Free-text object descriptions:
* * * * *
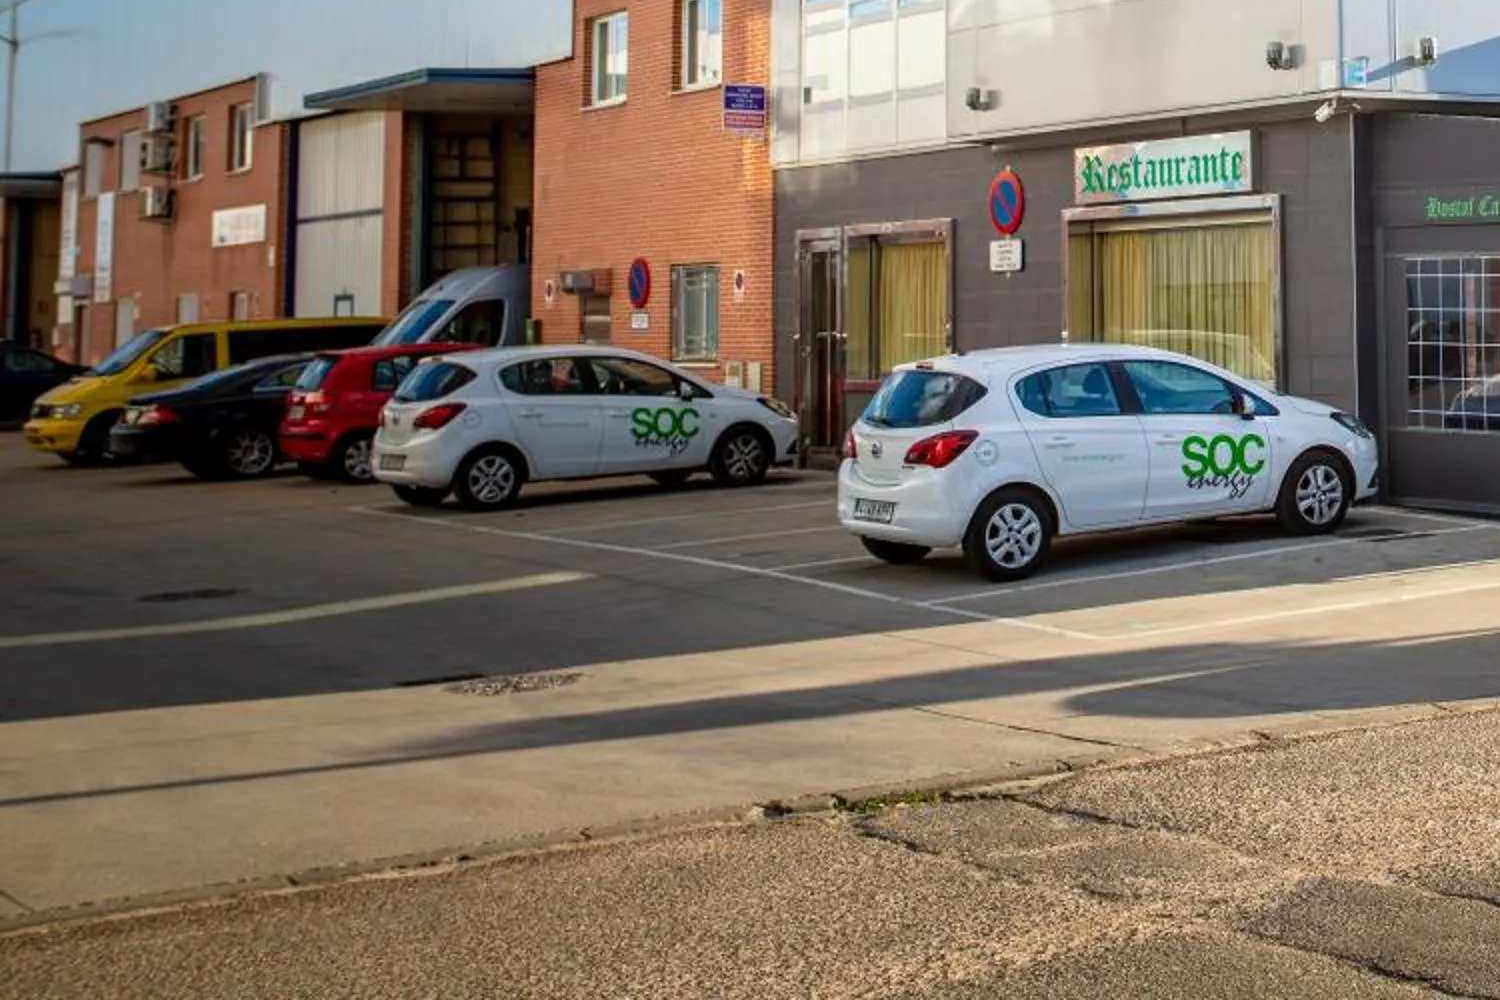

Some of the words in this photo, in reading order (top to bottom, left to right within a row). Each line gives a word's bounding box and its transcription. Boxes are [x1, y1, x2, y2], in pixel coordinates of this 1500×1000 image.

[1081, 147, 1243, 193] Restaurante
[1425, 196, 1476, 219] Hostal
[630, 407, 699, 438] SOC
[1182, 433, 1264, 477] SOC
[1186, 471, 1254, 499] energy
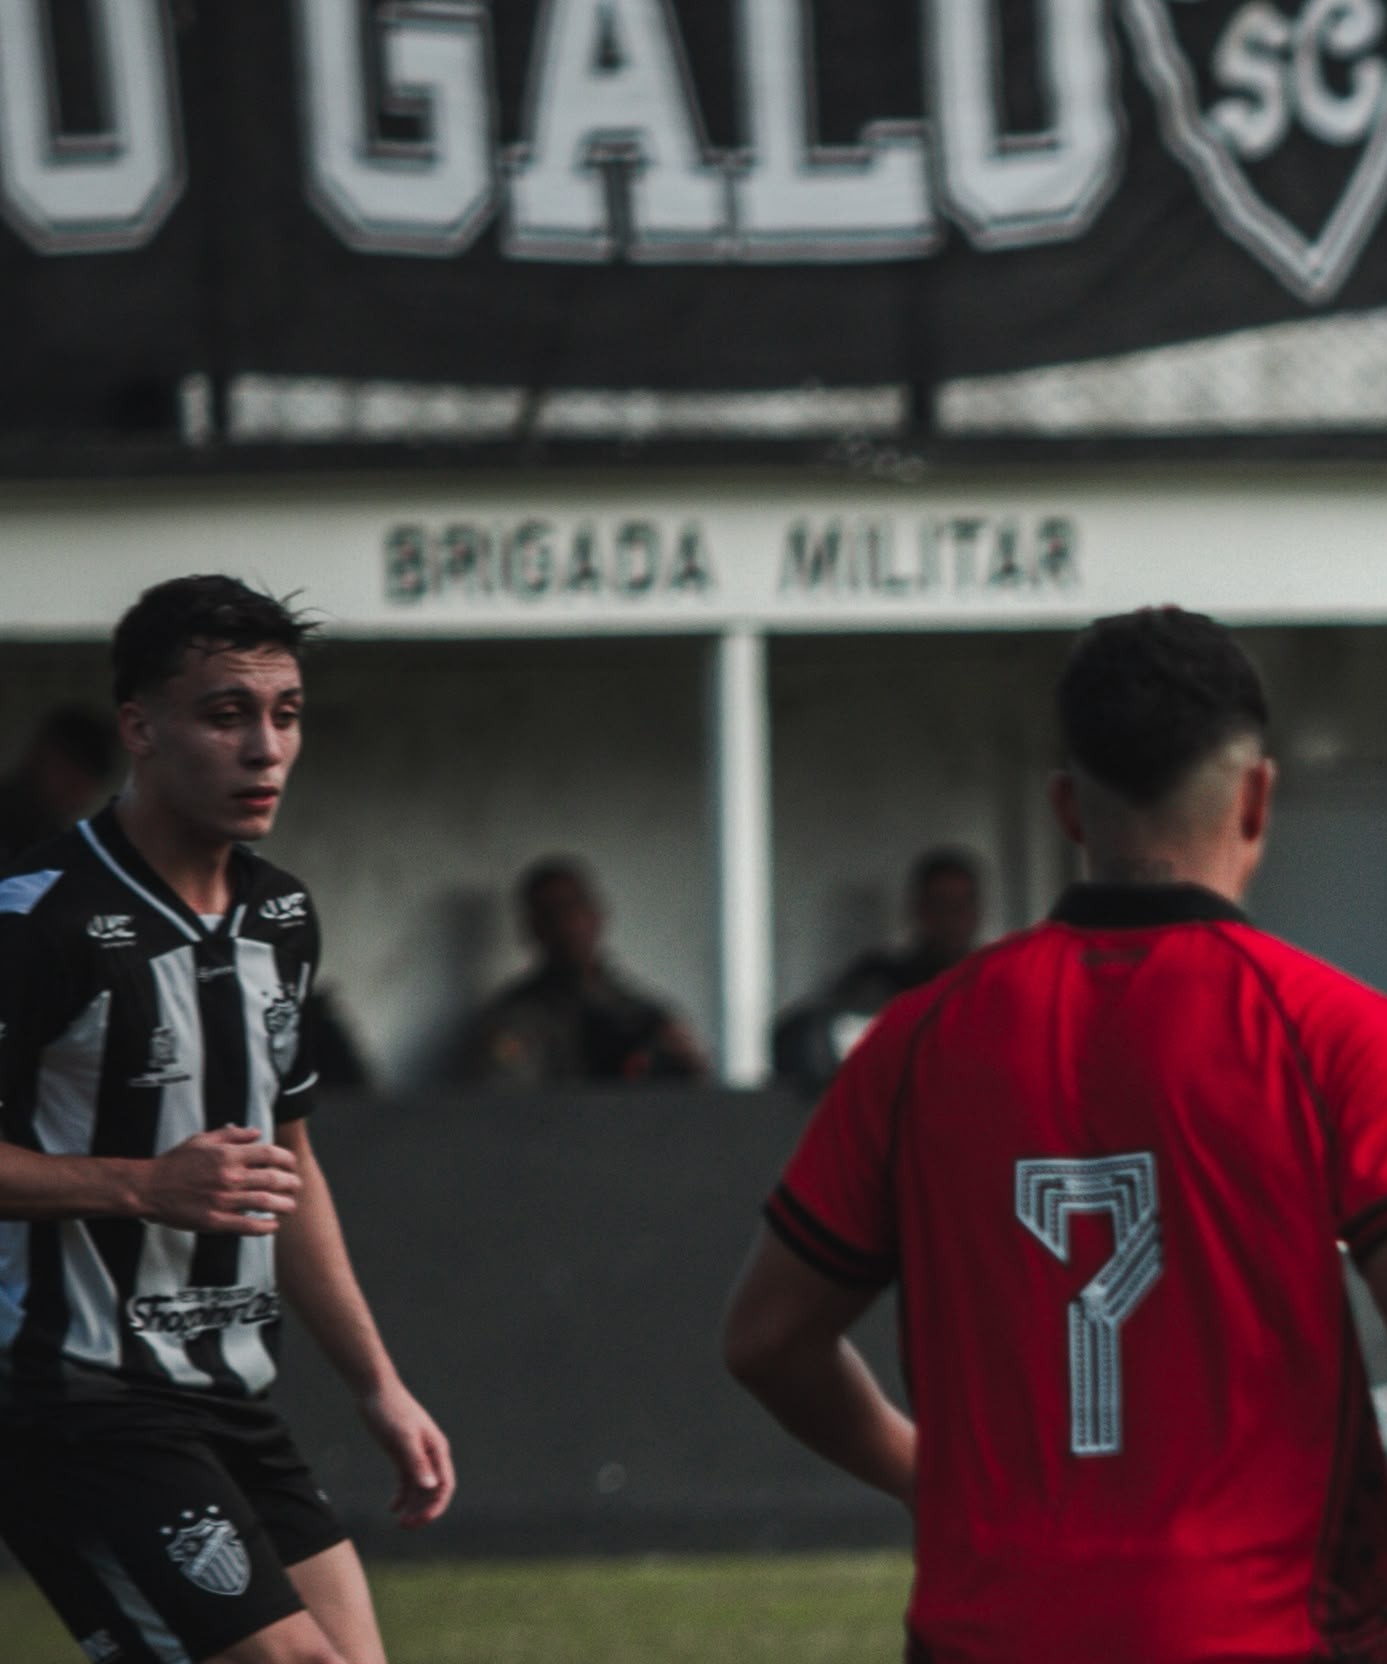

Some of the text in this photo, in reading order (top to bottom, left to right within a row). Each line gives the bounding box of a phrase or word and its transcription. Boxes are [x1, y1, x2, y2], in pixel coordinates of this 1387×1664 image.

[383, 514, 1084, 606] BRIGADA MILITAR
[1014, 1151, 1164, 1458] 7
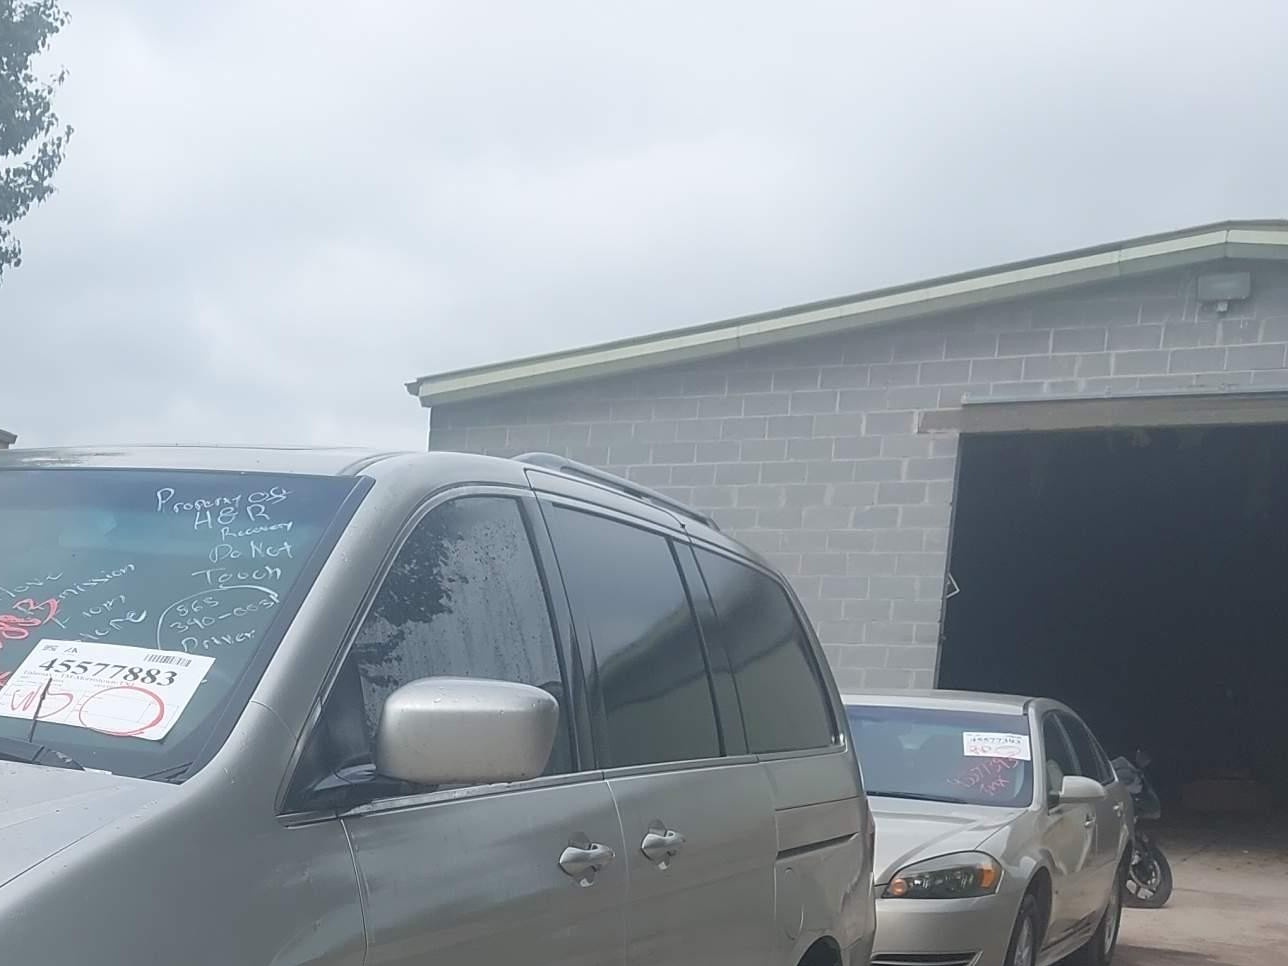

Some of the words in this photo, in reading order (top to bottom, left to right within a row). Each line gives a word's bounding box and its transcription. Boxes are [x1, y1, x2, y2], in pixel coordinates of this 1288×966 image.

[194, 511, 213, 529] H
[247, 504, 271, 521] R
[209, 544, 241, 563] Do
[250, 540, 294, 559] Not
[192, 566, 282, 585] Touch
[39, 657, 179, 687] 45577883
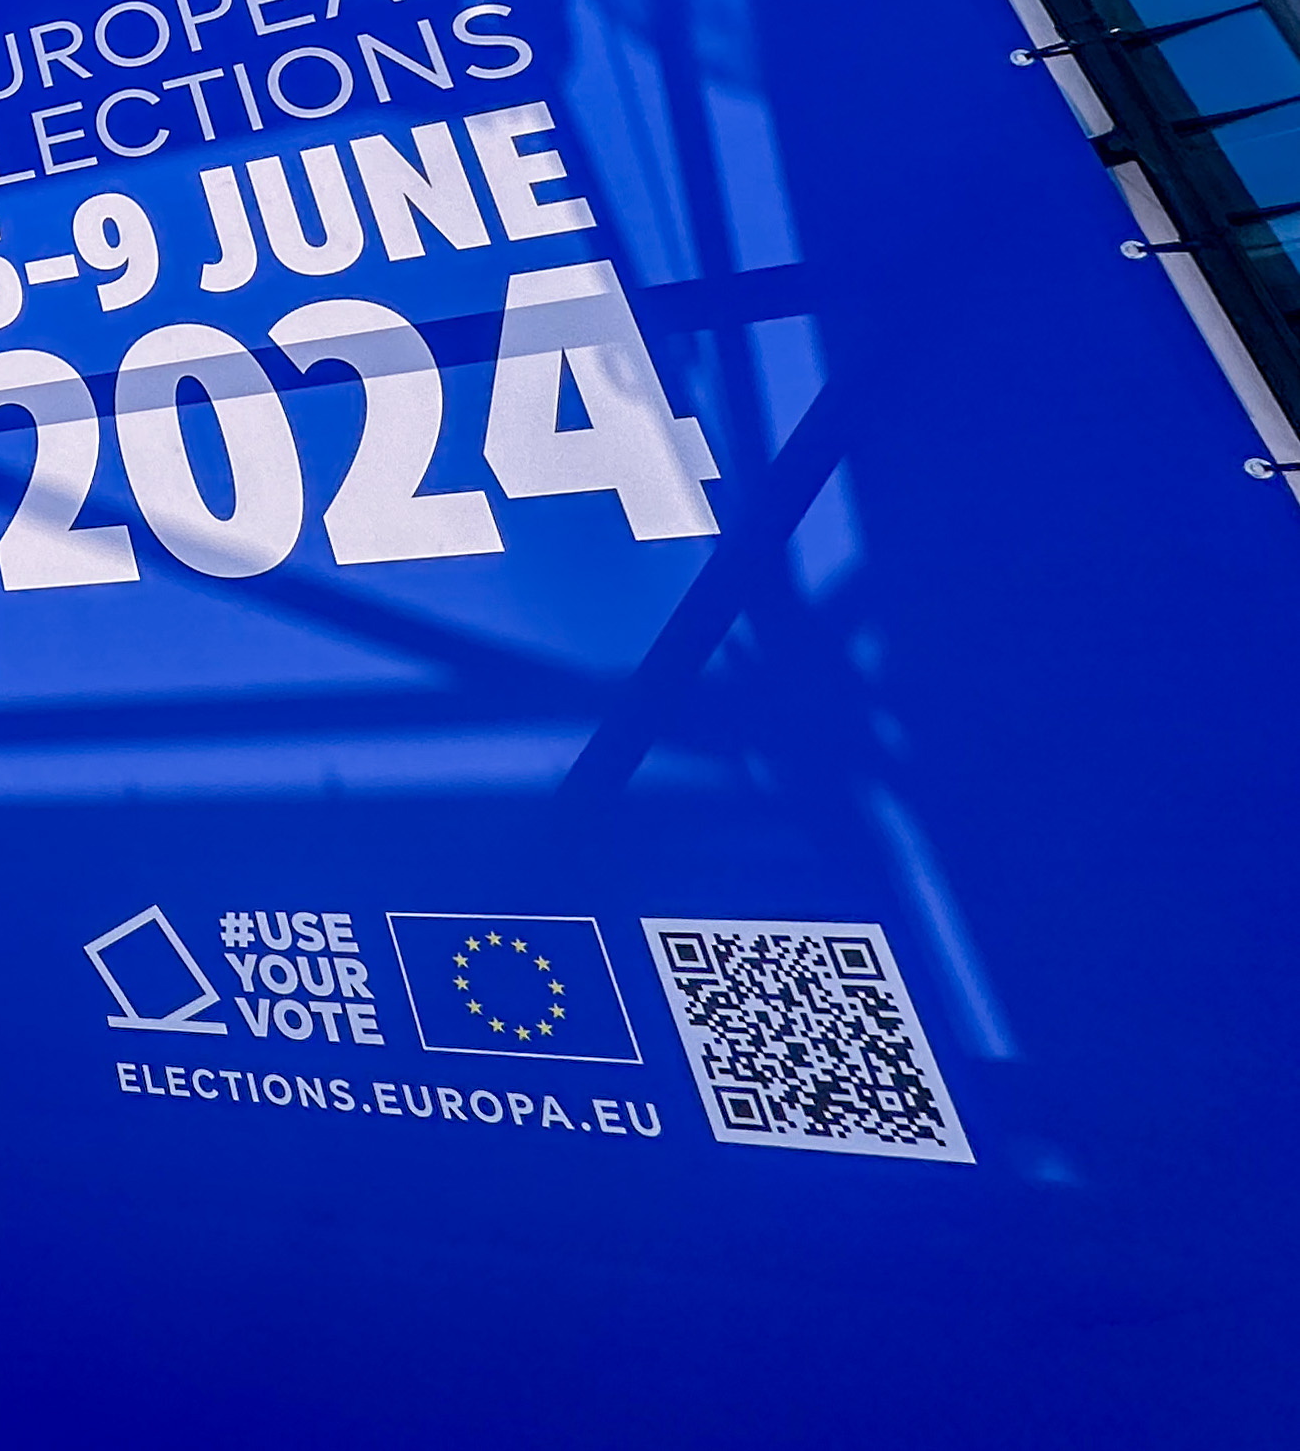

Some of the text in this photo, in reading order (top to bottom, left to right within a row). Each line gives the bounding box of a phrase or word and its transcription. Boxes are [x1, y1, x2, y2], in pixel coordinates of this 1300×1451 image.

[200, 101, 596, 292] JUNE
[220, 912, 359, 952] #USE
[224, 953, 374, 998] YOUR
[235, 997, 384, 1044] VOTE
[117, 1063, 661, 1136] ELECTIONS.EUROPA.EU
* * * * *
The problem. Your reply should repeat the entries above exactly, leaving the pictures out.

Output of the exercise.
Some of the words in this photo, in reading order (top to bottom, left to right within a row). Each line gives a word's bounding box and its transcription. Boxes are [x1, y1, x2, y2], in pixel coordinates of this 1500×1000 image.

[1081, 147, 1243, 193] Restaurante
[1425, 196, 1476, 219] Hostal
[630, 407, 699, 438] SOC
[1182, 433, 1264, 477] SOC
[1186, 471, 1254, 499] energy

Some of the text in this photo, in reading order (top to bottom, left to right within a row). Each line gives the bounding box of a phrase or word and its transcription. Boxes are [x1, y1, x2, y2], in pixel coordinates of this 1387×1664 image.

[383, 514, 1084, 606] BRIGADA MILITAR
[1014, 1151, 1164, 1458] 7

Some of the words in this photo, in reading order (top to bottom, left to right within a row). Each line gives a word's bounding box and its transcription. Boxes are [x1, y1, x2, y2], in pixel coordinates of this 1288×966 image.

[194, 511, 213, 529] H
[247, 504, 271, 521] R
[209, 544, 241, 563] Do
[250, 540, 294, 559] Not
[192, 566, 282, 585] Touch
[39, 657, 179, 687] 45577883

Some of the text in this photo, in reading order (top to bottom, left to right within a row). Each line gives the bounding box of a phrase or word and its transcription. Boxes are [x1, y1, x2, y2], in pixel coordinates of this 1300×1451 image.

[200, 101, 596, 292] JUNE
[220, 912, 359, 952] #USE
[224, 953, 374, 998] YOUR
[235, 997, 384, 1044] VOTE
[117, 1063, 661, 1136] ELECTIONS.EUROPA.EU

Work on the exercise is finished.